I loved how the spindle work on its wooden frame brought out the damask pattern in the parlor's navy-blue wallpaper. As soon as we'd pushed the davenport into the middle of the room across from the fireplace, the parlor had immediately felt complete.
But as we awaited Diana's arrival, I didn't dare lean back against the davenport's upholstery. I'd ironed a teal linen dress for the occasion of her visit and I was paranoid about wrinkling it.
I sat up a little straighter and patted the space beside me on the davenport again, smiling in Owen's direction. "Sit here with me while we wait."
The creases across Owen's forehead softened. "Okay. Mom will be here any minute."
Knock-knock, knock-knock-knock. Knock, knock.
Someone was at the back door. Owen's face registered the confusion I felt. It wasn't exactly Diana's style to knock in the rhythm of the old "Shave-and-a-Haircut" ditty. Besides, why would she have walked all the way around to the back of the house, especially carrying a baby?
"Hello?" Marcus's voice reached us through the empty fireplace, which the parlor shared with the kitchen.
Owen was already on his way back there.
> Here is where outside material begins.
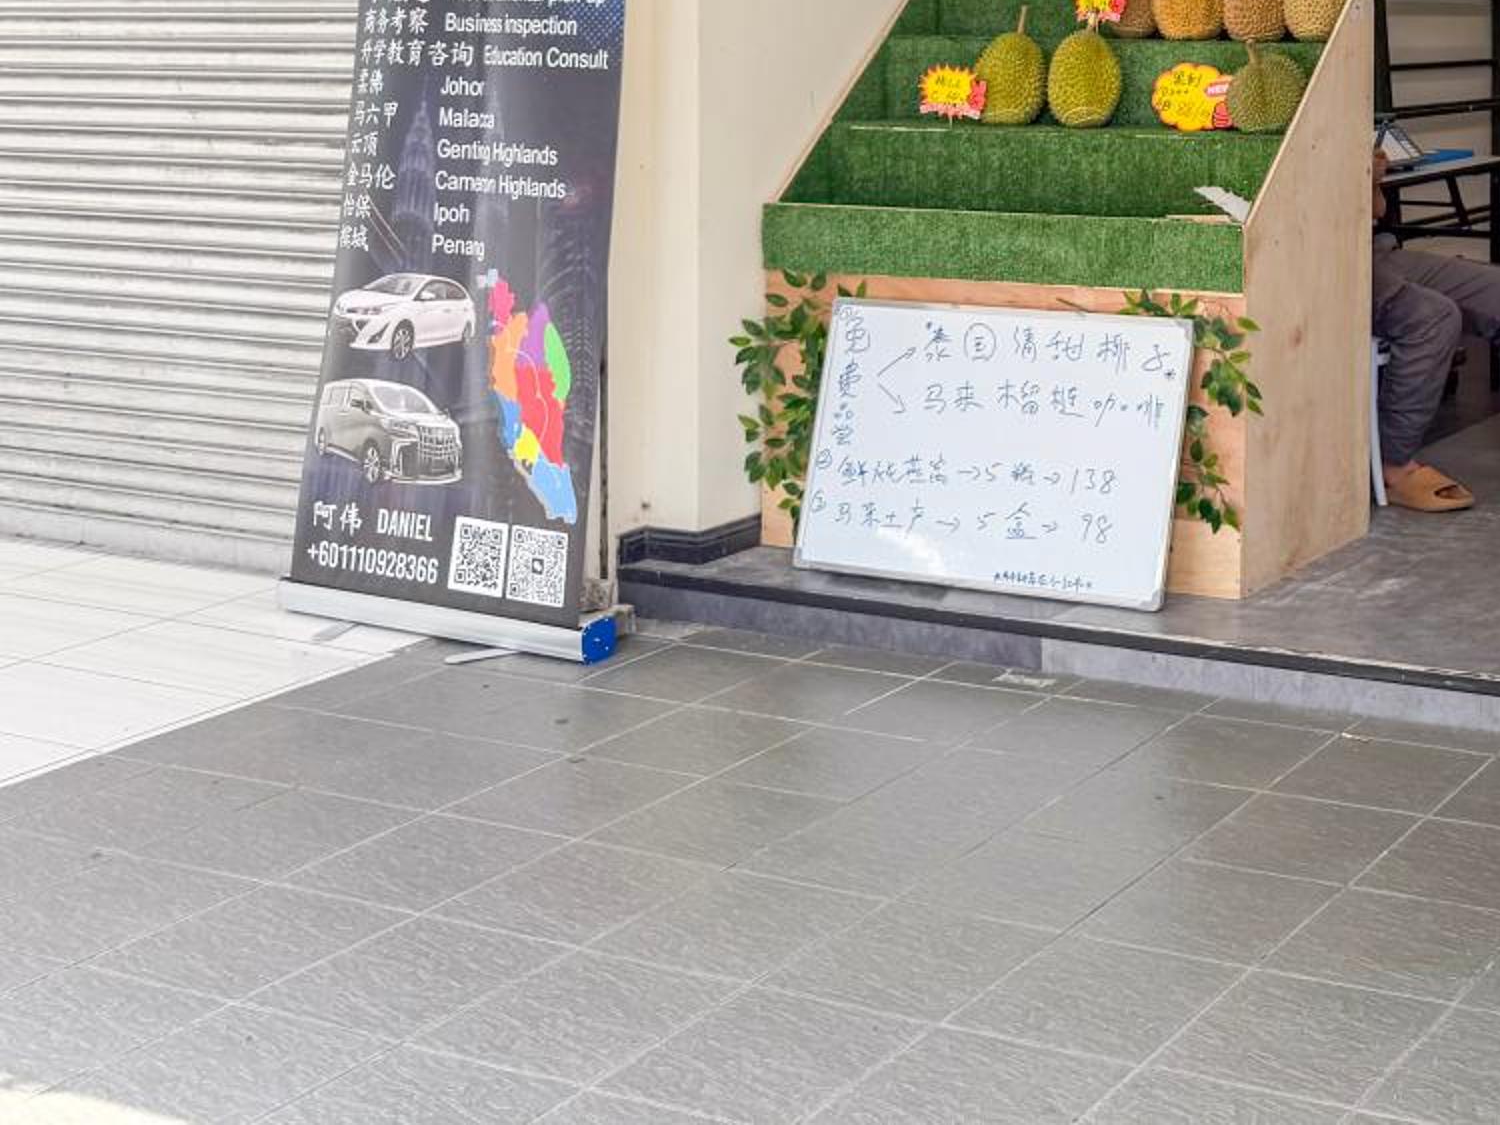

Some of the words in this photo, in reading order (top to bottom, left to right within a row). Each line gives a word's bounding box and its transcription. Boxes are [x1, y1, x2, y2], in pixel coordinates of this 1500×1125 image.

I jumped up and followed him.
After knocking, Marcus had pushed the kitchen door open a crack but he was still standing out on our back porch.
"Is this an okay time?" He called through the gap in the door. "I've got the bead board for your risers." In his regional accent, the last word sounded like "rye-zuz."
The confusion on Owen's face intensified, but I crossed the kitchen to greet Marcus.
I pulled the door the rest of the way open, revealing a stack of wood on the porch next to him. "Marcus, hi!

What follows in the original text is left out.